Operationally, it was to be faster than previous peers as to better evade interception, and flexible enough to perform alternative roles such as aerial reconnaissance and fighter-bomber duties; pursuing compatibility with multiple turbojet engines also reduced some of the potential manufacturing difficulties. To shorten its development, considerable attention was paid to the existing Arado Ar 234 jet bomber; to this end, design information was supplied by Arado and the Deutsche Forschungsanstalt für Segelflug (DFS) to Heinkel.

From at early stage, four distinct models of the aircraft were planned. The He 343 A-1 was a dedicated bomber variant. Amongst the munitions it was intended to carry was the Fritz X guided Anti-ship glide bomb, which would have been radio controlled from the aircraft by a third crew member. The He 343 A-1 was very similar to the He 343 A-2, the variant intended for reconnaissance missions. For extended endurance, an additional 2,400 kg of fuel could be carried in an additional tank in the bomb bay instead of munitions; a pair of Rb 75/30 cameras would have been used for photo reconnaissance. The He 343 A-3 was envisioned for battlefield support, being armed with a pair of MG 151 20mm cannons in addition to four forward-firing MK 103 30mm cannons mounted with its bomb bay. The He 343 B-1 also performed the same role as the He 343 A-3, differing in terms of the armament used, having an upgraded rear turret arrangement that necessitated the redesign of the tail unit.

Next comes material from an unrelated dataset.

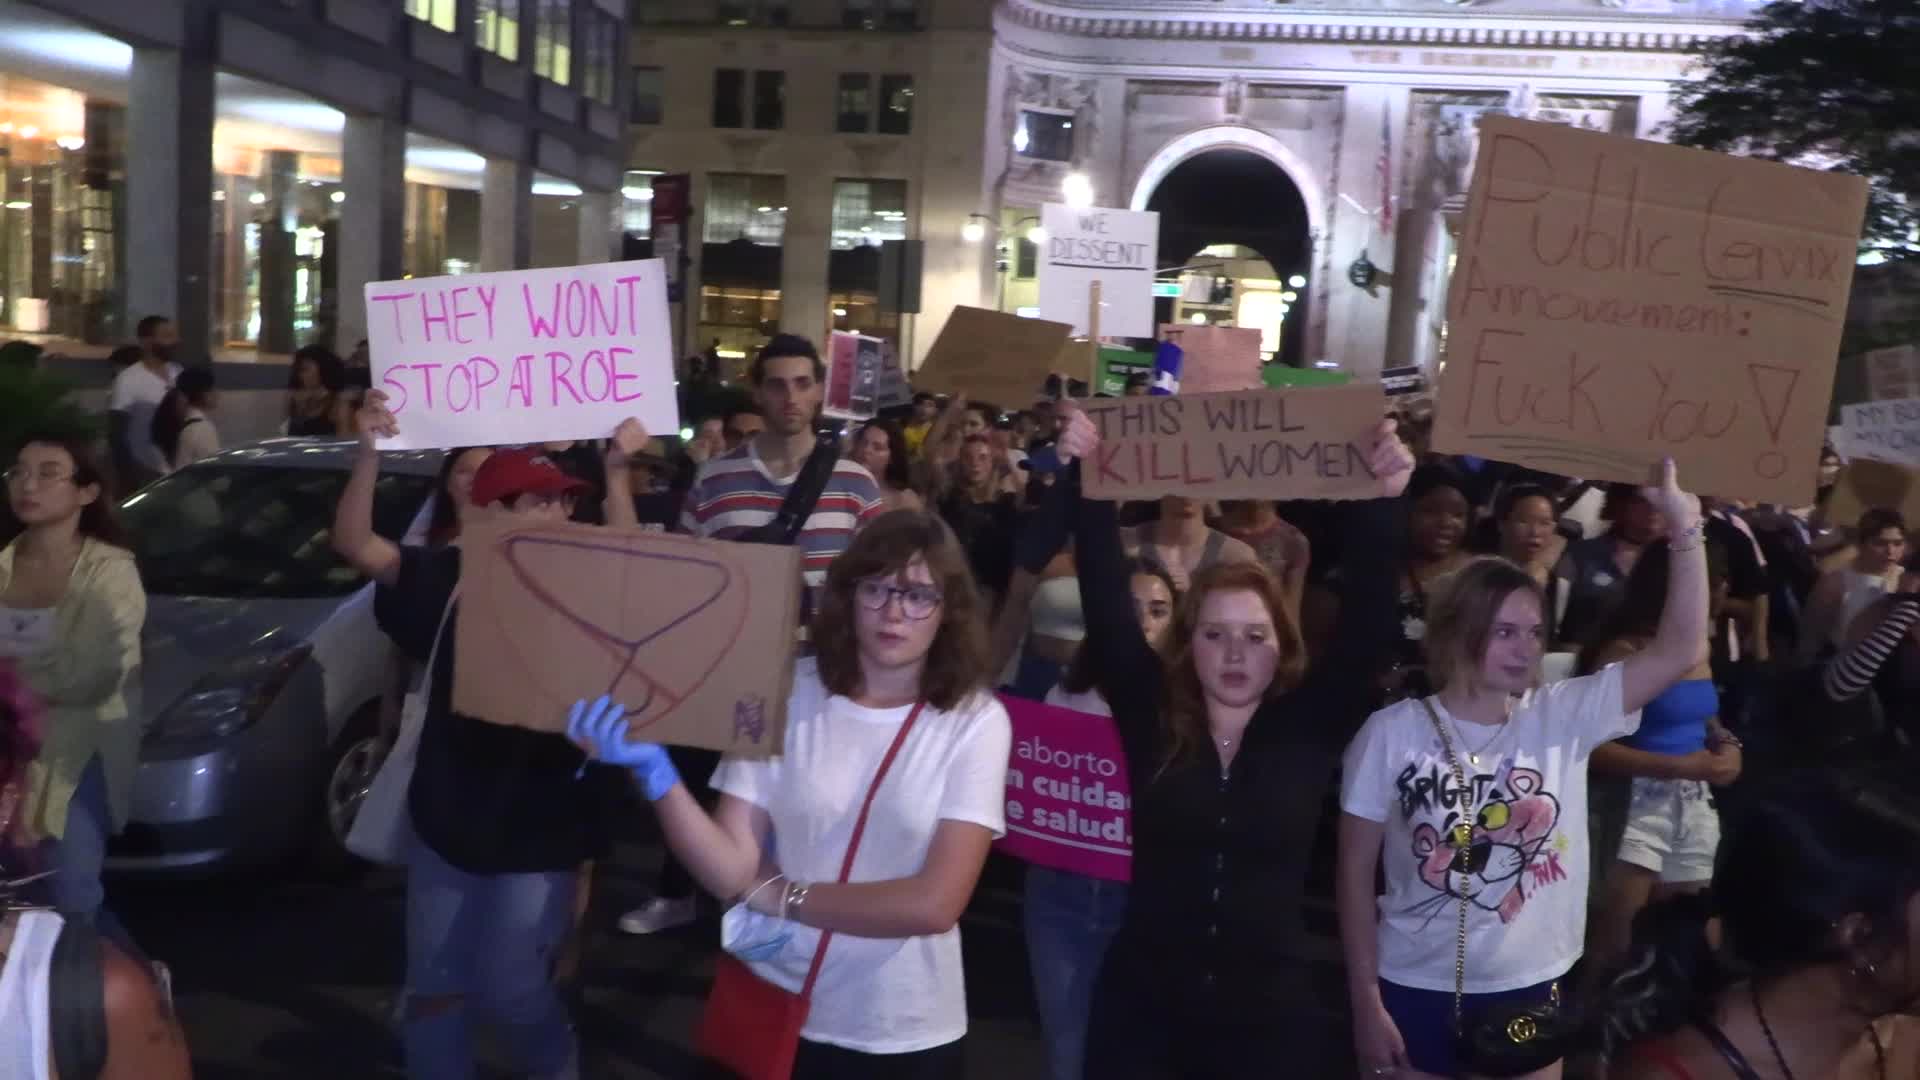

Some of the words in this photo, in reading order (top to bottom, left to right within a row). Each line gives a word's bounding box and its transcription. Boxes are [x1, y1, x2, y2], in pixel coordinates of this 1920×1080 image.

The Air Ministry reviewed Heinkel's proposal, as well as a competing design produced by Junkers. While the Air Ministry did place an initial order for 20 aircraft, which included the prototype and pre-production units. The company's founder, Ernst Heinkel, personally lobbied in favour of the project, pointing to its simplicity, lower material cost, and more rapid development schedule. It was claimed that as many as 200 He 343s could be supplied by July 1945. The DFS designated the project P.1068. However, during late 1944, Heinkel was ordered to stop all work on the programme and the order was cancelled. This outcome came as a consequence of Germany's deteriorating position in the conflict and to refocus limited resources onto efforts such as the Emergency Fighter Program. The aviation author Daniel Uziel claimed that German authorities had probably wanted Heinkel to concentrate on producing the Heinkel He 162 fighter instead.

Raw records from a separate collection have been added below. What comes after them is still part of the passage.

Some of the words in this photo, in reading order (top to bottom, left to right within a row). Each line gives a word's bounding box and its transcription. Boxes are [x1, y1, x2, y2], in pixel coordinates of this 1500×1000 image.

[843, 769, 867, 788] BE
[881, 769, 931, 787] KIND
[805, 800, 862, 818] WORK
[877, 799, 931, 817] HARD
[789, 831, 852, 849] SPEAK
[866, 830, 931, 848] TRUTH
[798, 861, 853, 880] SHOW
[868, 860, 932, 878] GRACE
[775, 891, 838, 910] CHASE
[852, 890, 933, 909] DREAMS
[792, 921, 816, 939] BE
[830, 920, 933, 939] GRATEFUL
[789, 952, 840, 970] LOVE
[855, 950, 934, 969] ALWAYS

While no aircraft were ever completed, much of the design work had been completed and a substantial amount of components for the project had already been produced. The incomplete airframes and components were initially stored by Heinkel in the hope that the project would be resumed. As the conflict approached its conclusion in 1945, the Allied powers sought to obtain whatever technical information that could be recovered from Nazi Germany, particularly on its advanced military projects and aerospace initiatives. The Soviet Union succeeded in acquiring much of the He 343's design and components from Heinkel's facility in Schwechat, outside Vienna. Thereafter, it is alleged that the project served as the basis for the development of the Ilyushin Il-22, albeit with some of the parameters being altered, such as the size and crew numbers. A single prototype was built and flown. The results of these tests were used in development of the Ilyushin Il-28.